Arnaud, de son côté, est toujours sur scène. Troquant le numéro 10 pour le 19, il prend place en bout de banc, au côté de Xavier-Robert François, autre espoir à la SIG. Les 40 minutes qui suivront seront faites d’encouragements et de temps-morts, à l’écoute des consignes du coach. Du basket plein les yeux, mais rien dans les mains…
De l’utilité de l’observation participante
Si leurs qualités de basketteurs ne souffrent guère la comparaison en championnat espoir, le monde professionnel, bien qu’à portée de main, semble encore loin. Au-delà des quelques sponsors venant distinguer les tenues professionnelles de celles de leurs jeunes homologues, la différence est protéiforme : physique, mentale, technique. Tout va plus vite, chaque erreur se paie plus chère.
Alors finalement, à quoi bon s’infliger un quotidien de sportif professionnel quand les chances de percer sont infimes ? Les clubs de basket amateur de haut-niveau pullulent en Alsace, et offrent une expérience directe du niveau senior. Mais s’y engager revient à s’éloigner de la si désirée sphère professionnalisante, comme l’explique Lauriane Dolt, coach des espoirs alsaciens :
« La catégorie espoir garantit une certaine structuration de jeu, et pour certains, permet de s’entraîner avec les professionnels, de profiter des explications stratégiques. C’est un gros plus, tout comme le rythme des séances (deux par jour). Ce n’est faisable qu’en disposant de structures adaptées et de conventions avec les universités. »

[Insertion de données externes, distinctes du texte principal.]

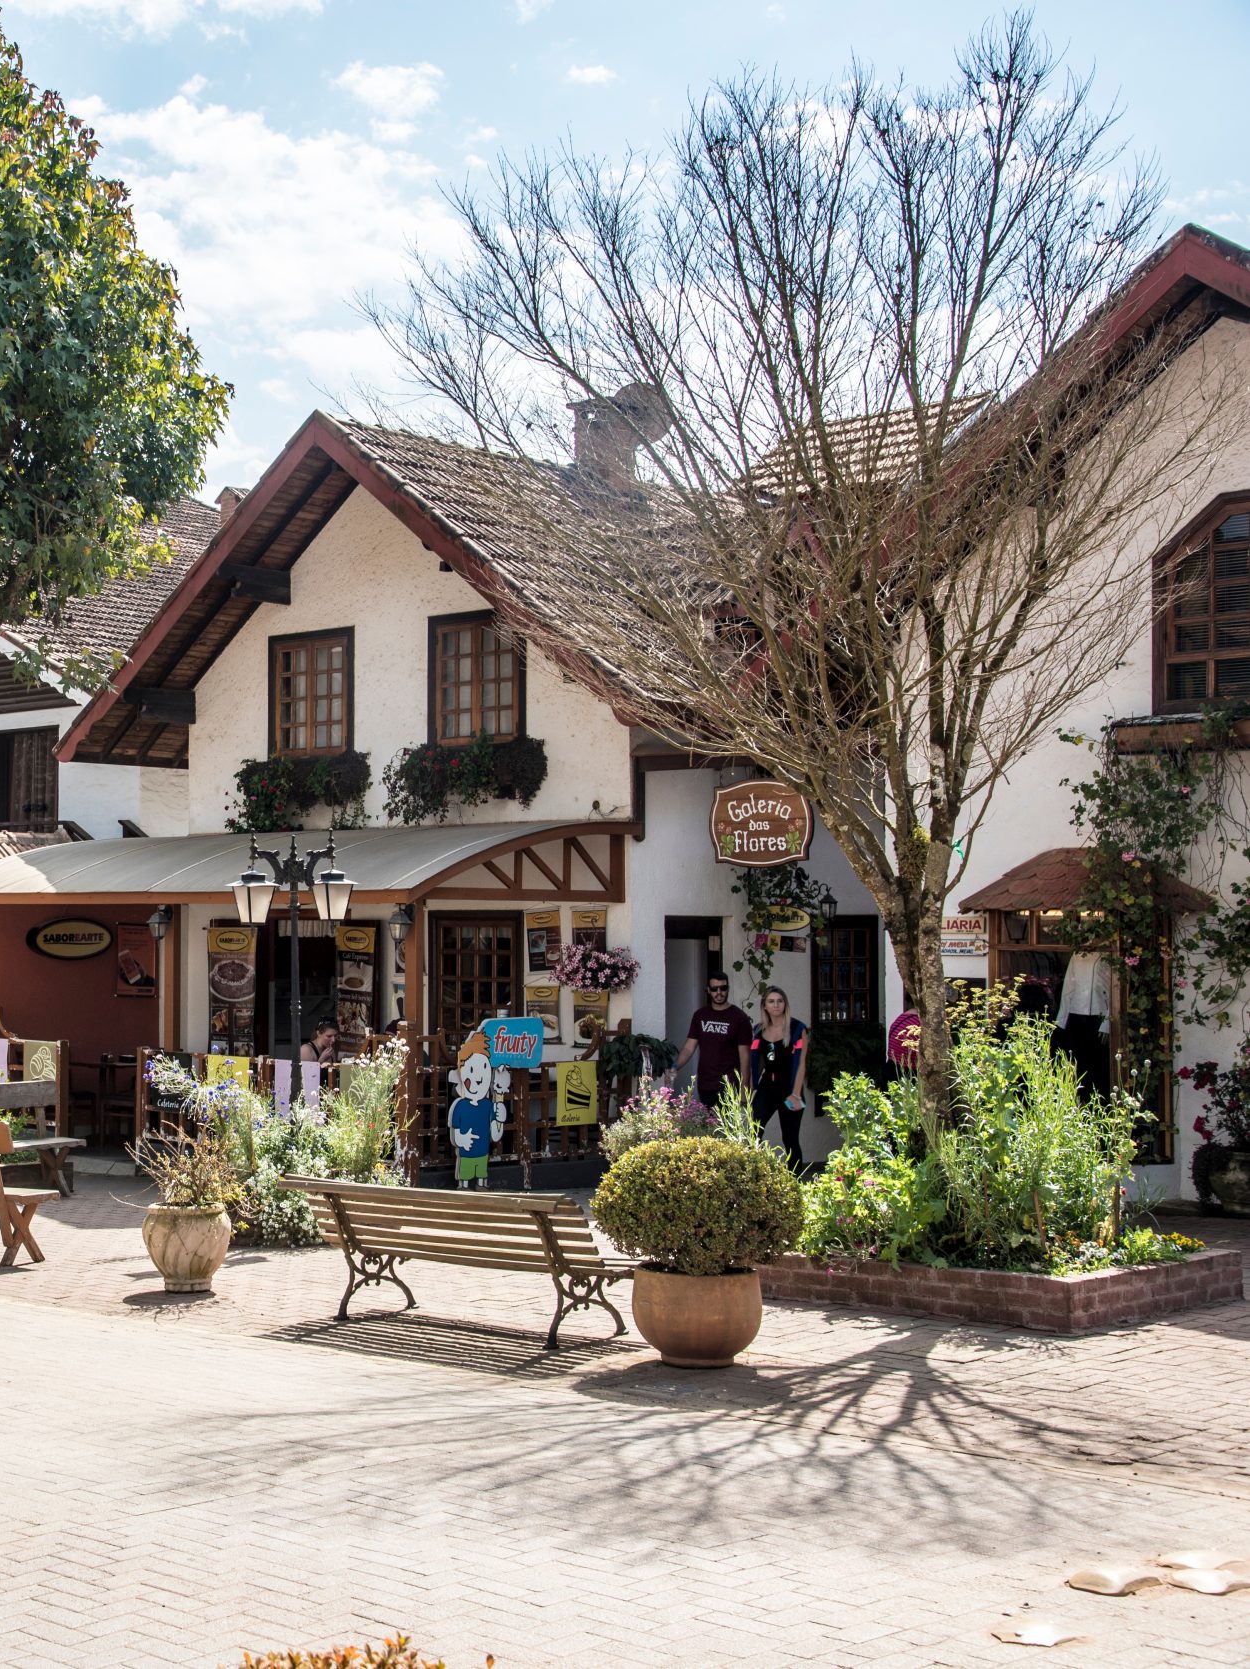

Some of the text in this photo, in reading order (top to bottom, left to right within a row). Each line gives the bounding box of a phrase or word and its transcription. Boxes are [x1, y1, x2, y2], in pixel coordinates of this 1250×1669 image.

[727, 793, 792, 822] Galeria
[749, 819, 770, 831] das
[733, 829, 787, 853] Flores
[701, 1020, 729, 1034] VANS
[494, 1026, 538, 1058] fruity
[157, 1099, 180, 1109] Cafeteria

« Sortir un pro tous les deux ans »
Le but principal est dorénavant affiché. Le centre de formation devrait, à termes, sortir un pro tous les deux ans. C’était du moins le souhait du président Martial Bellon à l’heure de faire le bilan de la saison 2012/2013 :
« C’était un de mes sujets de discussion à l’arrivée de Vincent Collet : lancer tous les deux ans un nouveau pro issu du centre de formation. Et cette saison, Axel Toupane, au club depuis cinq ans, a éclos. Sur un plan politique, c’est une grande satisfaction. »

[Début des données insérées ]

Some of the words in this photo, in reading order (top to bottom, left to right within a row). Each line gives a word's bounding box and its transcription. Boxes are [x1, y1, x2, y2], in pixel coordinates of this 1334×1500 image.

L’apport de Vincent Collet abonde dans ce sens, le technicien étant réputé proche de ses jeunes joueurs. Outre son costume de sélectionneur national, sa présence à la SIG a pesé dans la balance à l’heure de remplumer l’équipe à l’intersaison 2013. En témoignent les louanges d’Antoine Diot, Jérémy Leloup et Paul Lacombe, tous trois judicieusement inspirés par Vincent Collet au moment de leur transition espoirs/professionnels, et tous trois débarqués à Strasbourg cet été.

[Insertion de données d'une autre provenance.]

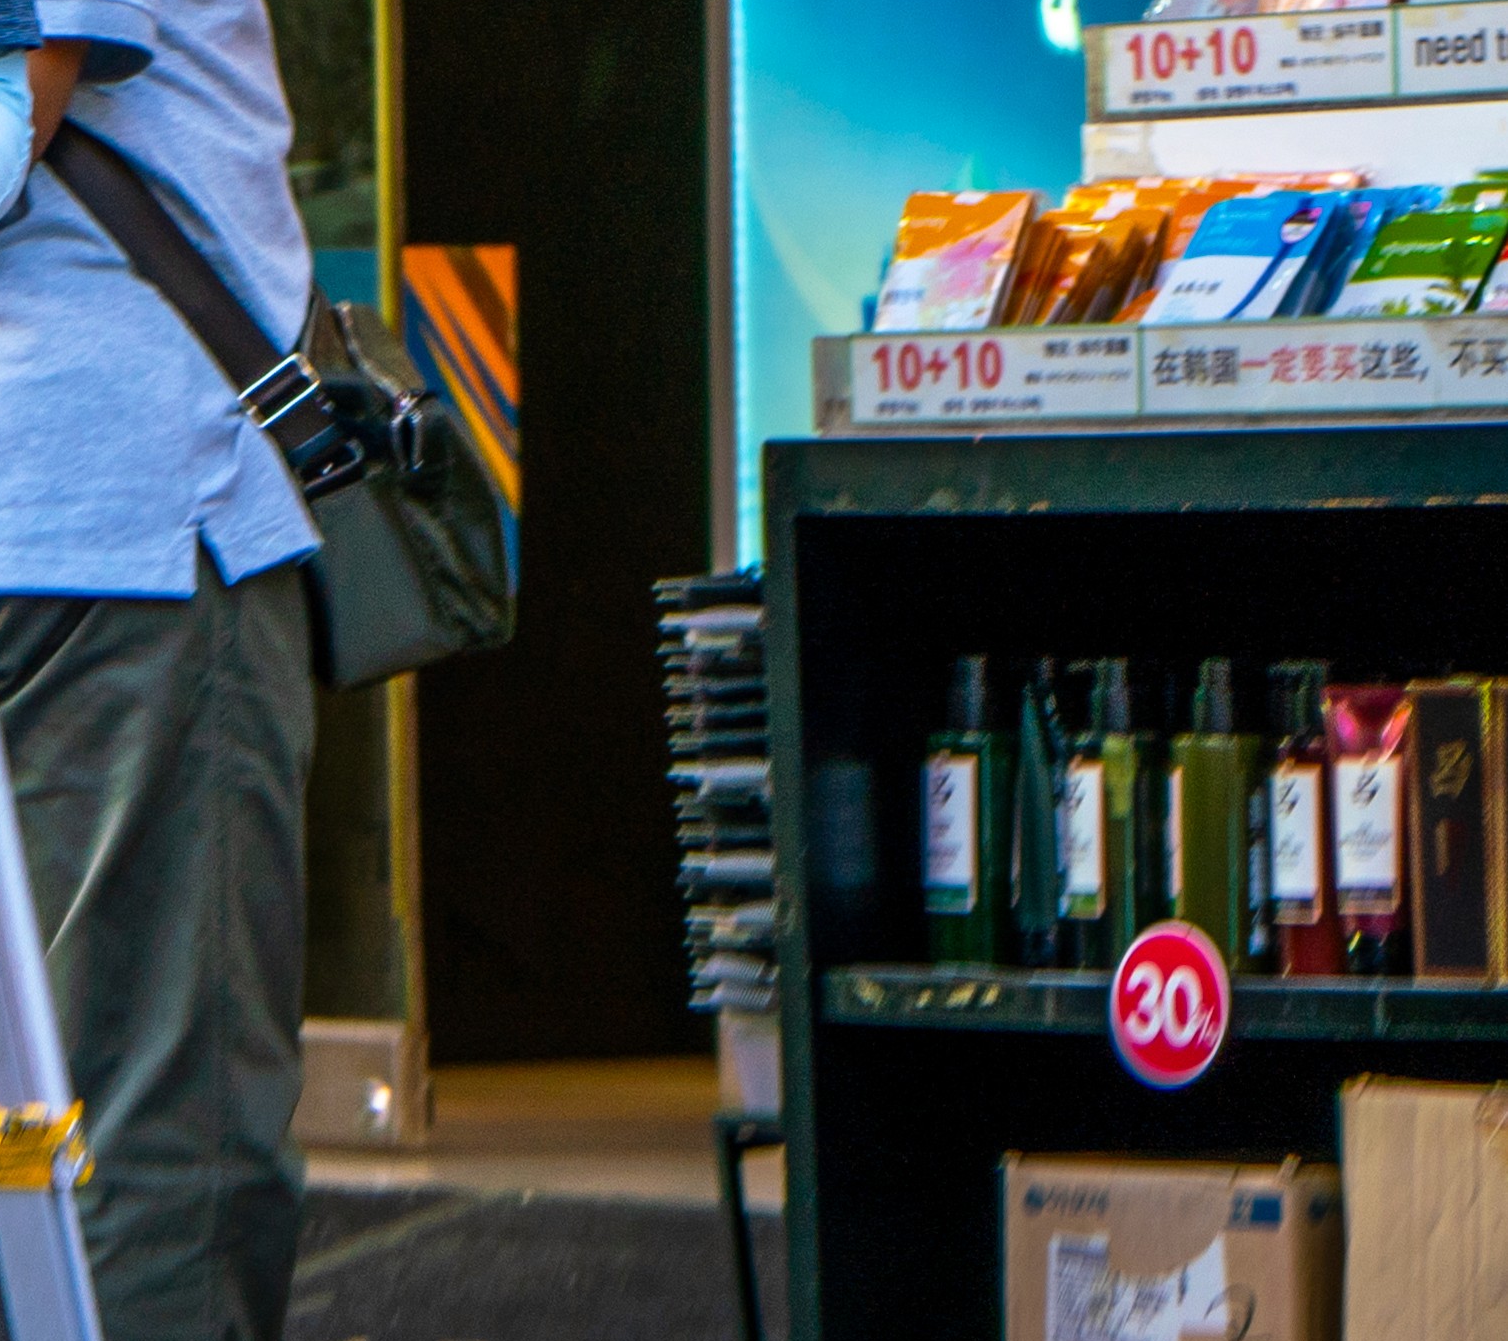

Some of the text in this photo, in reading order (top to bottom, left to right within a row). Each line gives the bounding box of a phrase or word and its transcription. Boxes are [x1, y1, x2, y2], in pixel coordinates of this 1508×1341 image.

[1127, 26, 1258, 82] 10+10
[1415, 27, 1487, 68] need
[872, 339, 1005, 393] 10+10
[1123, 961, 1220, 1049] 30%

Pour Xavier-Robert François, natif d’Arlon en Belgique et régulièrement sélectionné en équipe nationale, la présence de l’entraîneur international a été un critère déterminant au moment de s’engager :
« Le plus a été la présence de Vincent Collet, le coach de l’équipe de France, qui travaille beaucoup avec les jeunes. Il prend le temps, après l’entraînement de nous expliquer certains détails tactiques. »
Cela ne suffit toutefois pas à installer le club bas-rhinois en haut de l’affiche. Son palmarès en championnat espoir demeure vierge de tout succès national, en dépit d’une poignée de joueurs formés à la SIG, ayant réussi à intégrer l’univers professionnel.
Concilier sport de très haut-niveau et études ? A voir…
Parallèlement à cet ambitieux objectif sportif, le centre de formation se doit de permettre à ses pensionnaires de ne pas interrompre leur cursus scolaire. Ici réside l’intérêt d’une telle structure. Mais à vrai dire, tout dépend du niveau d’investissement sportif et du cursus choisi. Pour Arnaud Imhoff, concilier un emploi du temps pré-professionnel avec la poursuite de ses études s’est avéré compliqué :
« On passe entre cinq et six heures par jour à la salle. Il serait impossible de suivre un parcours universitaire sérieusement, et de s’investir aussi dans le basket. J’ai donc suspendu mes études l’an dernier, au moment d’intégrer le groupe professionnel. »
Si le jeune homme originaire de Dessenheim a validé deux années universitaires en éco-gestion, il reprendra ses études lorsque son activité sportive le lui permettra. Bien heureusement, les conventions passées avec certaines facultés permettent parfois de concilier les deux, comme le prouve Xavier-Robert François, étudiant en L1 de STAPS :
« Ma priorité était de continuer mes études en parallèle, pour assurer une certaine sécurité. En STAPS, j’ai un aménagement particulier qui me dispense d’assiduité aux cours, et me permet de passer les examens en décalé. »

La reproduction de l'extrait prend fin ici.